Get scanned right away before you start ADT because ADT works against finding your cancer on a scan.

Learn your doubling time right away before ADT by beginning PSA testing monthly. Continue PSA testing after starting ADT.

Choline, PSMA, and Acumin are your choices for PET scans for the entire body (from eyes to thighs).

MRIs are also usualy given at the same time directed at your pelvic region only.

You may still be able to get both PSMA and Choline and only pay for the Choline scan in a clinical trial at MAYO in Rochester MN, Dr Kwon. That will cost you or your insurance between $14k to $16k.

Let Dr Kwon give you a second opinion on you cancer.

Read about Dr Kwon on the internet, watch his videos.

Read about the SPPORT clinical trial results.

Radiation for you could be pelvic bed and lymph node IMRT radiation.

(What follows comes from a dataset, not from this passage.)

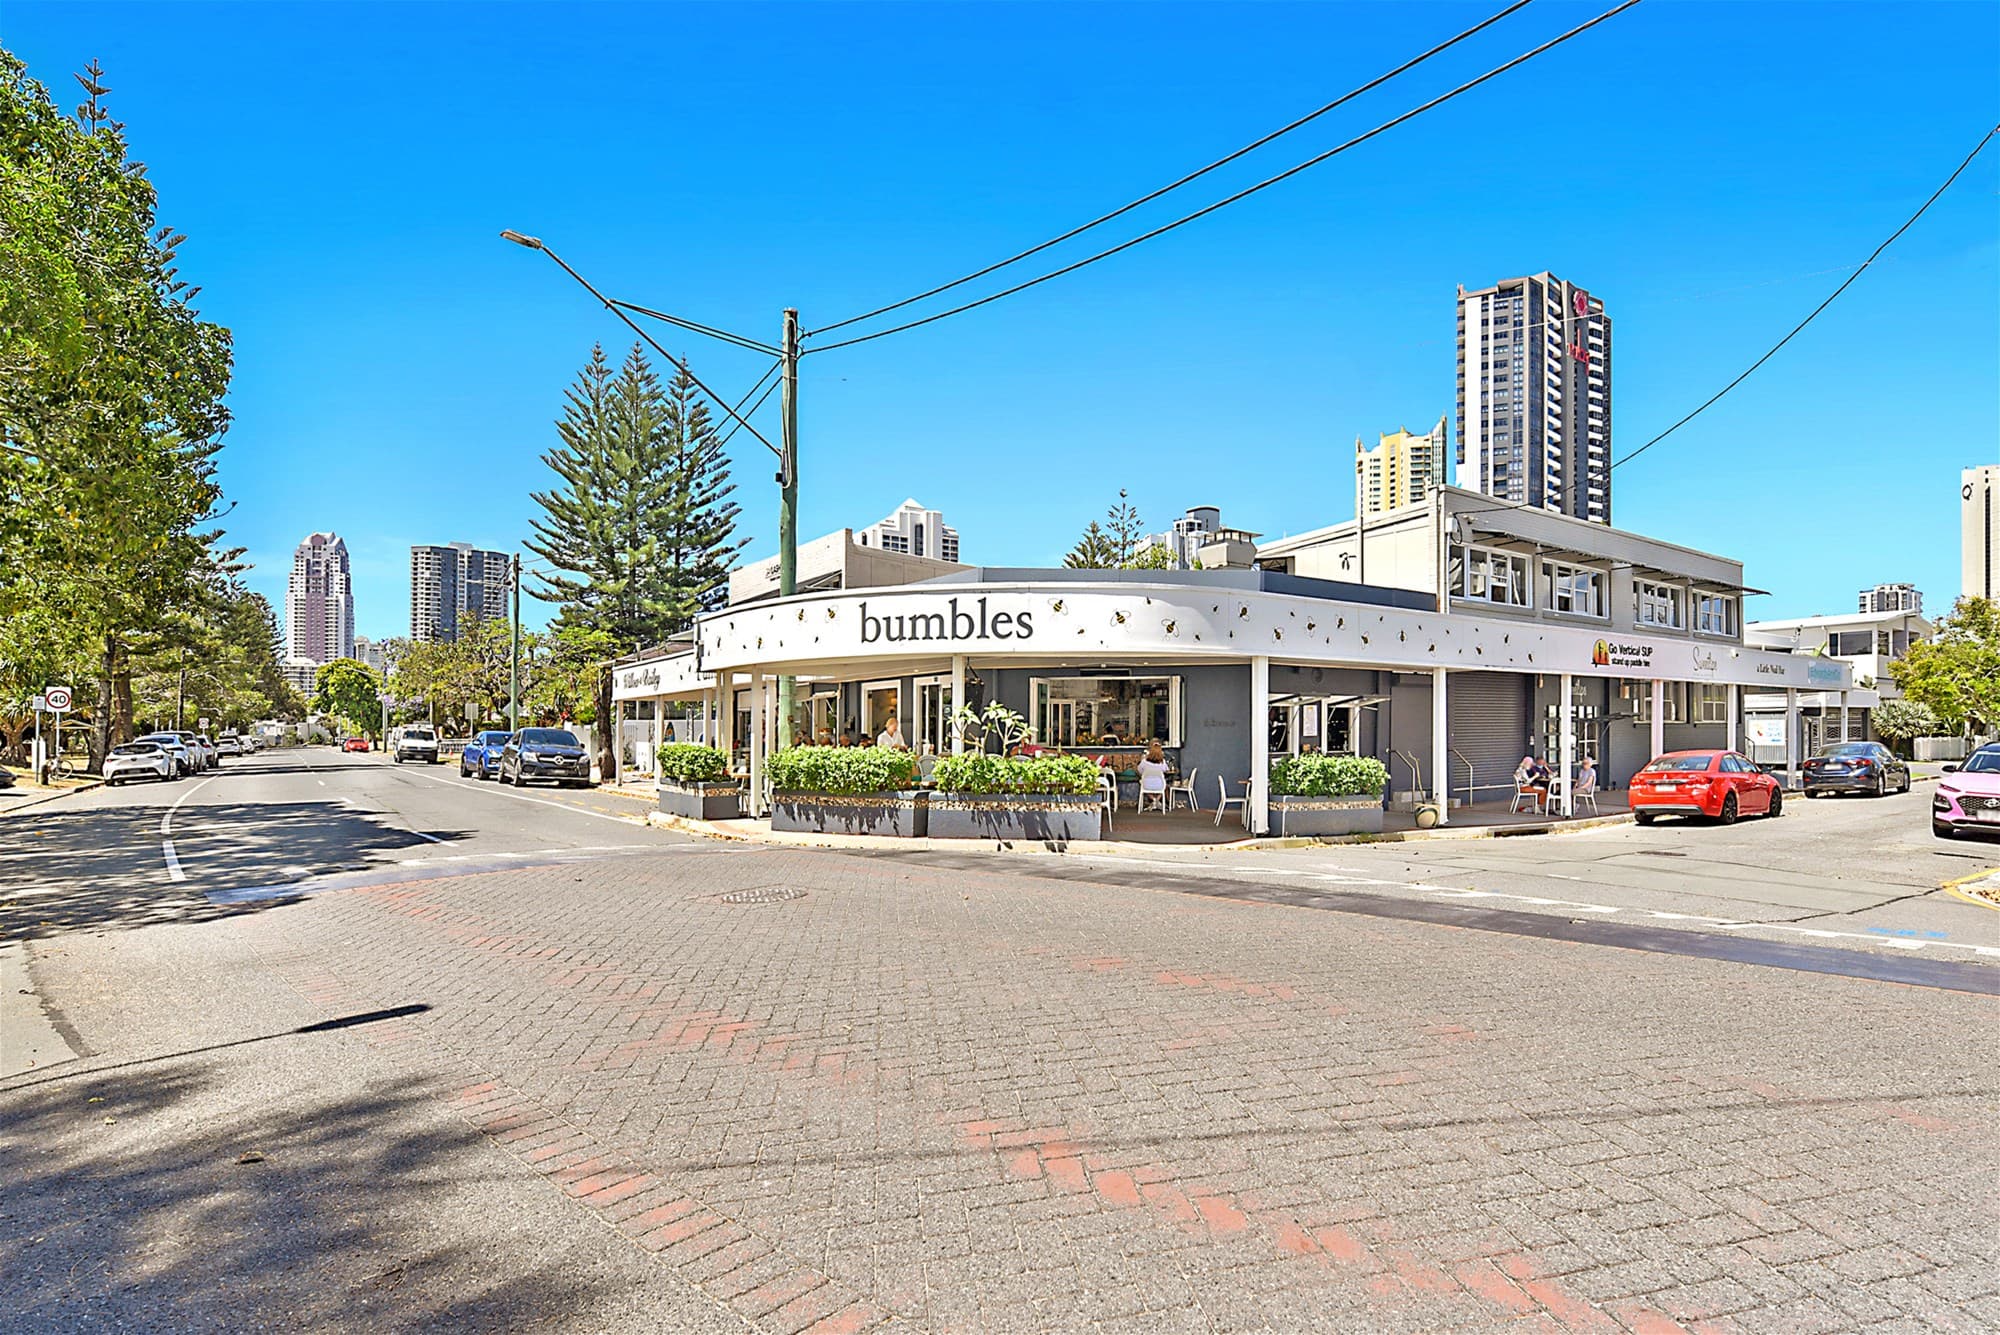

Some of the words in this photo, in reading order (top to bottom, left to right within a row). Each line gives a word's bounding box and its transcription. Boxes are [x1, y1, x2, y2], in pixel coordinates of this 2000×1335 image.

You will likely start ADT several months prior to radiation, as it makes it more effective. You will likely be on ADT for some amount if time from 6 months to two years.

Make the appointment for the second appointment today and get scanned ASAP if possible.

Best wishes and best of luck to you.

Thank you for much for such a great step by step advice!

I just had my first talk over the phone with my new RO .

He was telling that next month in June after my second PSA I will most likely have to get Lupron shots and Casodex for the next 24 months.,therapy for my incontinence and later radiation.

He already scheduled me for MRI and said said the other Axumin PET scan I don’t qualify if my PSA is not above 2.

I am looking for a second opinion and love to go to Mayo Clinic but traveling now with the virus seems very risky. I live in Chicago .

I am still trying to wrap my head around this diagnosis as after the biopsy I had my RP in a matter of days and now treatment probably for the rest of my life.